[Annotated photo localization data]
* * * * *

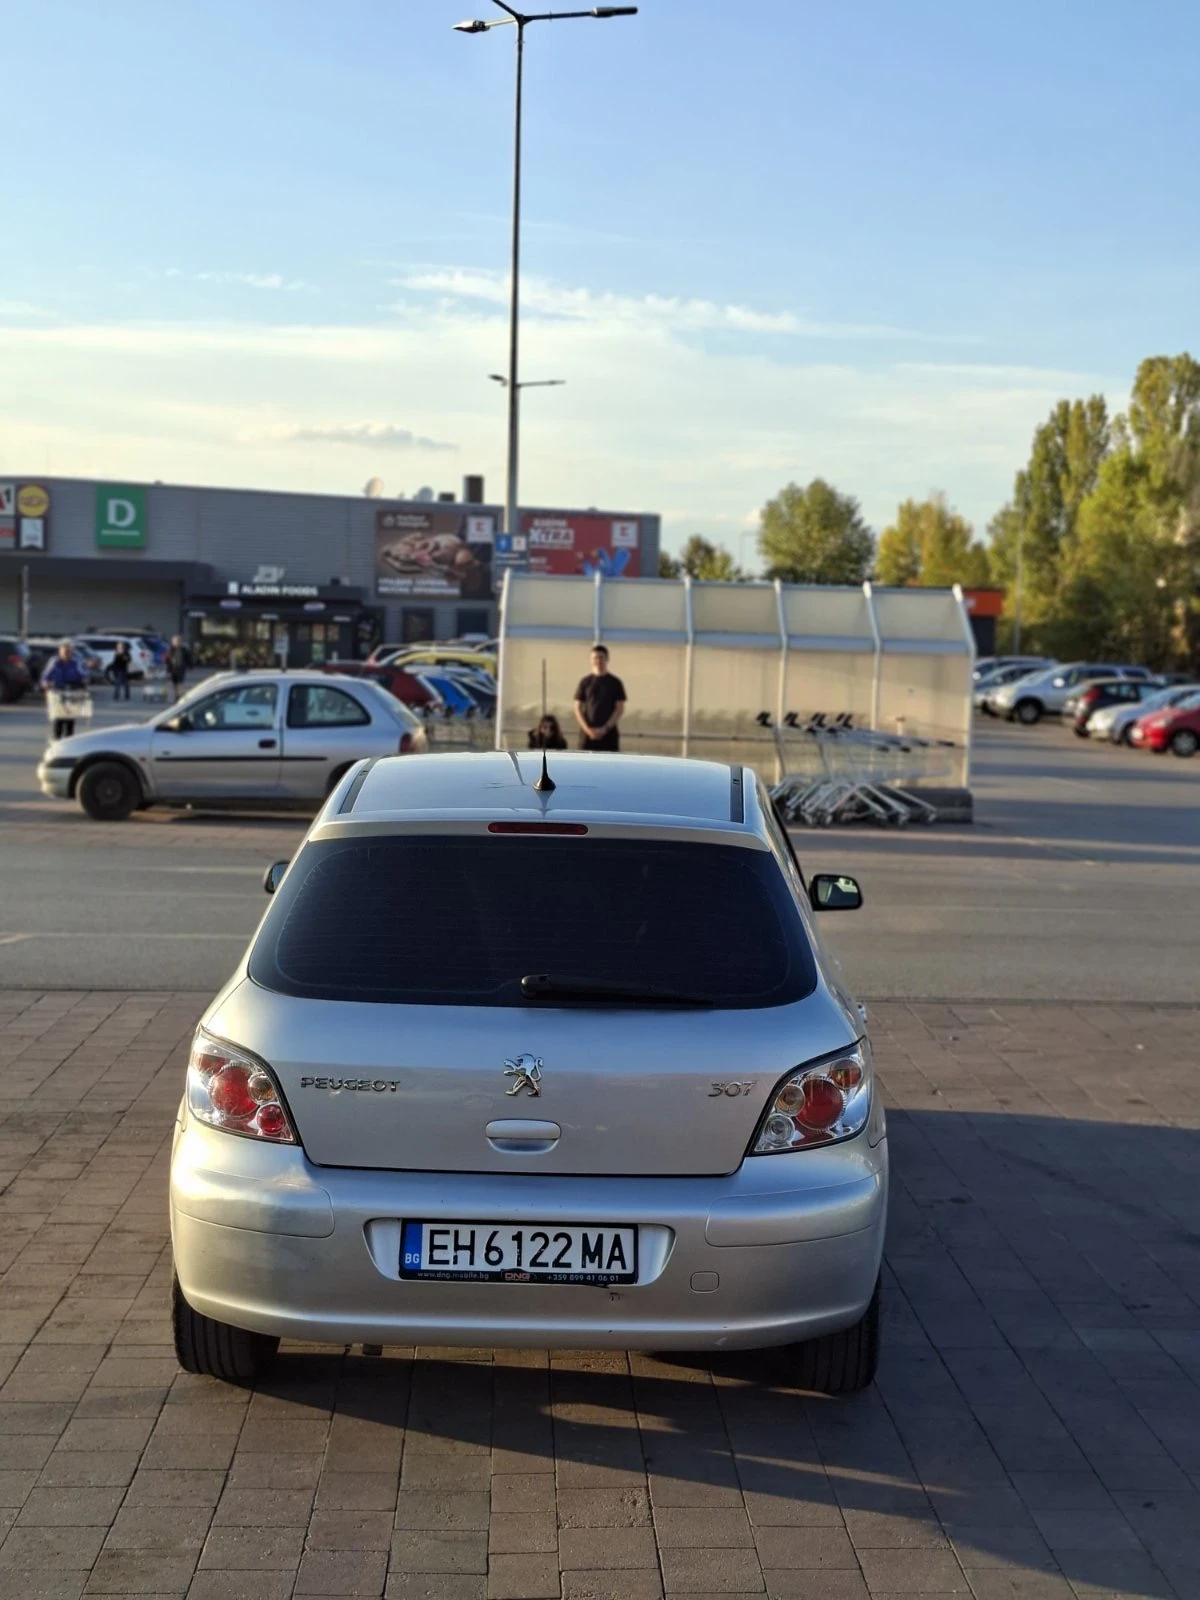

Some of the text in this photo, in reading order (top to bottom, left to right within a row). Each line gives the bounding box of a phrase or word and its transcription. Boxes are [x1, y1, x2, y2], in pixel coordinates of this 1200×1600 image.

[107, 498, 136, 527] D
[300, 1076, 401, 1092] PEUGEOT
[708, 1081, 758, 1098] 307
[404, 1252, 420, 1264] BG

* * * * *

REQUIRED WORK:
An exact copy of every entry above is required, without the pictures.

ANSWER BOX:
Some of the text in this photo, in reading order (top to bottom, left to right within a row). Each line gives the bounding box of a phrase or word and its transcription. Boxes are [x1, y1, x2, y2], in pixel coordinates of this 1200×1600 image.

[107, 498, 136, 527] D
[300, 1076, 401, 1092] PEUGEOT
[708, 1081, 758, 1098] 307
[404, 1252, 420, 1264] BG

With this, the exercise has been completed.